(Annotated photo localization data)
[Start of Attachment]

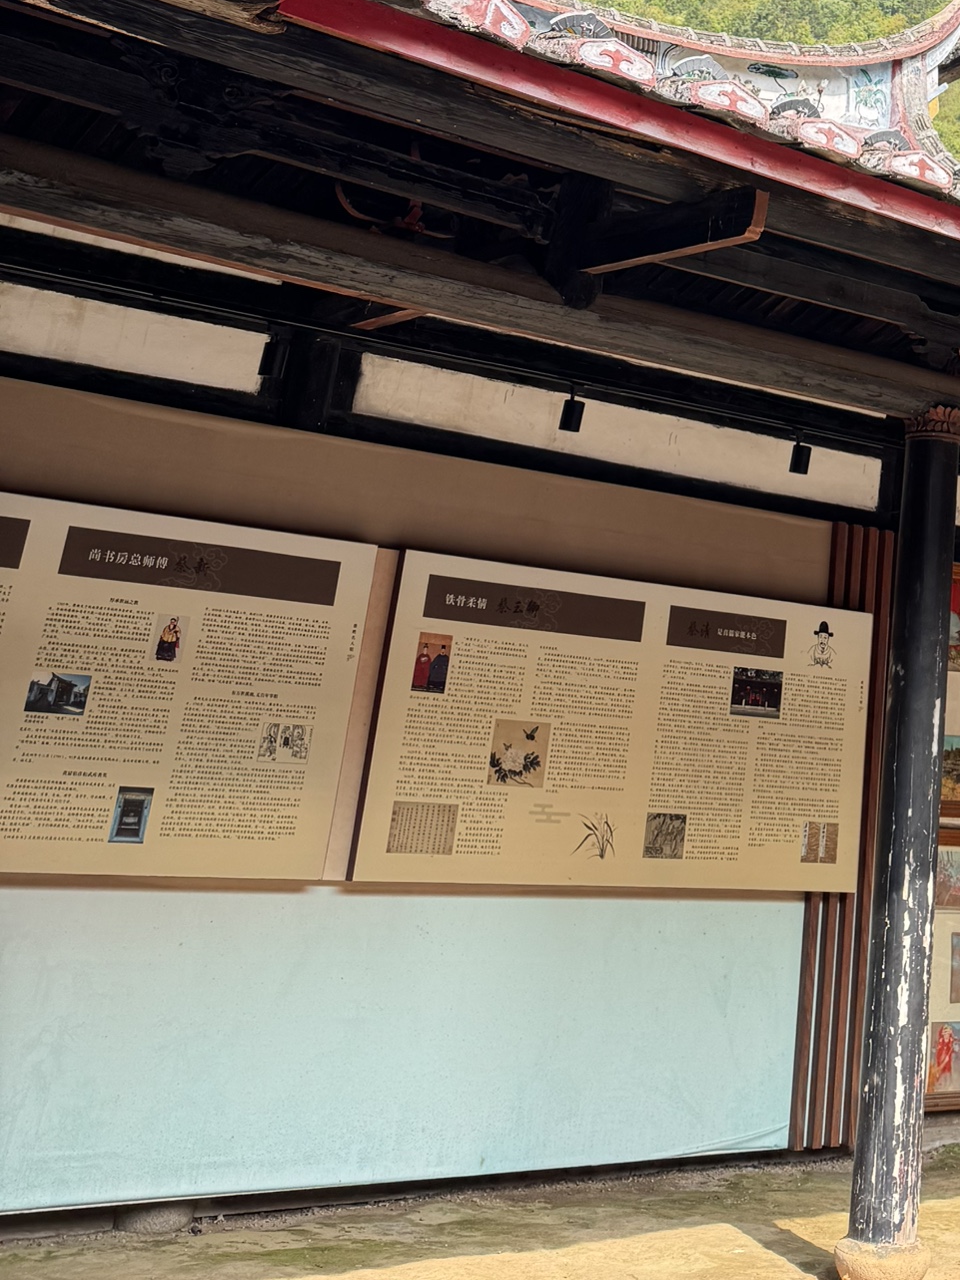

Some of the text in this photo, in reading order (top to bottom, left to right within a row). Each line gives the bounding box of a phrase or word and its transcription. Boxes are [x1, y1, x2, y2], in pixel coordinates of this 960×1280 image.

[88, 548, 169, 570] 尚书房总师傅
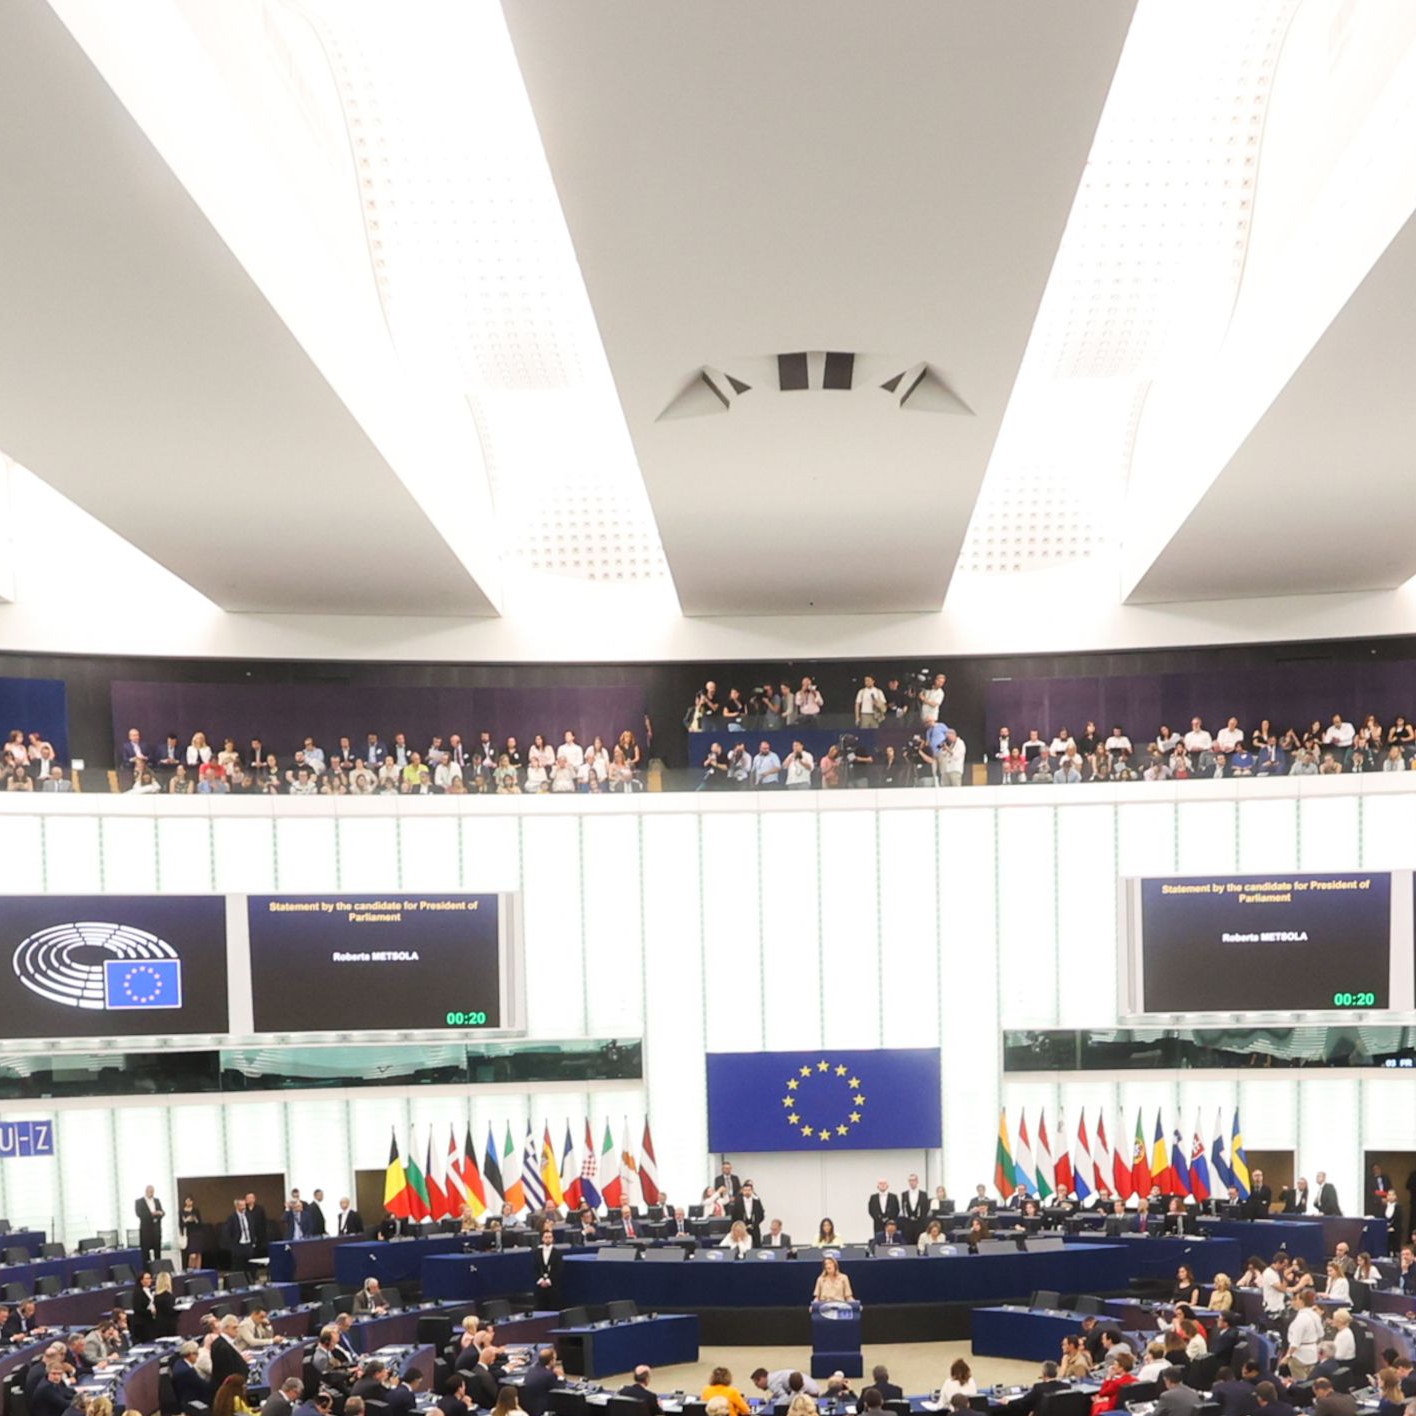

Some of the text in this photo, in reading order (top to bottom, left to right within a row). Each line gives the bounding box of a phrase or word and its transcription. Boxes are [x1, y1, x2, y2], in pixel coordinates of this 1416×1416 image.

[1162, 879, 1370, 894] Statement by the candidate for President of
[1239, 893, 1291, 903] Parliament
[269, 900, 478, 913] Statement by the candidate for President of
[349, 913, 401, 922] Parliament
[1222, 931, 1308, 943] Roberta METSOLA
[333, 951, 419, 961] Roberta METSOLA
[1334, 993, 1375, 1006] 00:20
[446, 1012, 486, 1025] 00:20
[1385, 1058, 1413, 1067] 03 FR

[End of Attachment]

* [Prompt] All lines from the one that contains "this 1416×1416 image." to the last line above must be given again exactly, with both included and nothing added.

* [The answer]
Some of the text in this photo, in reading order (top to bottom, left to right within a row). Each line gives the bounding box of a phrase or word and its transcription. Boxes are [x1, y1, x2, y2], in pixel coordinates of this 1416×1416 image.

[1162, 879, 1370, 894] Statement by the candidate for President of
[1239, 893, 1291, 903] Parliament
[269, 900, 478, 913] Statement by the candidate for President of
[349, 913, 401, 922] Parliament
[1222, 931, 1308, 943] Roberta METSOLA
[333, 951, 419, 961] Roberta METSOLA
[1334, 993, 1375, 1006] 00:20
[446, 1012, 486, 1025] 00:20
[1385, 1058, 1413, 1067] 03 FR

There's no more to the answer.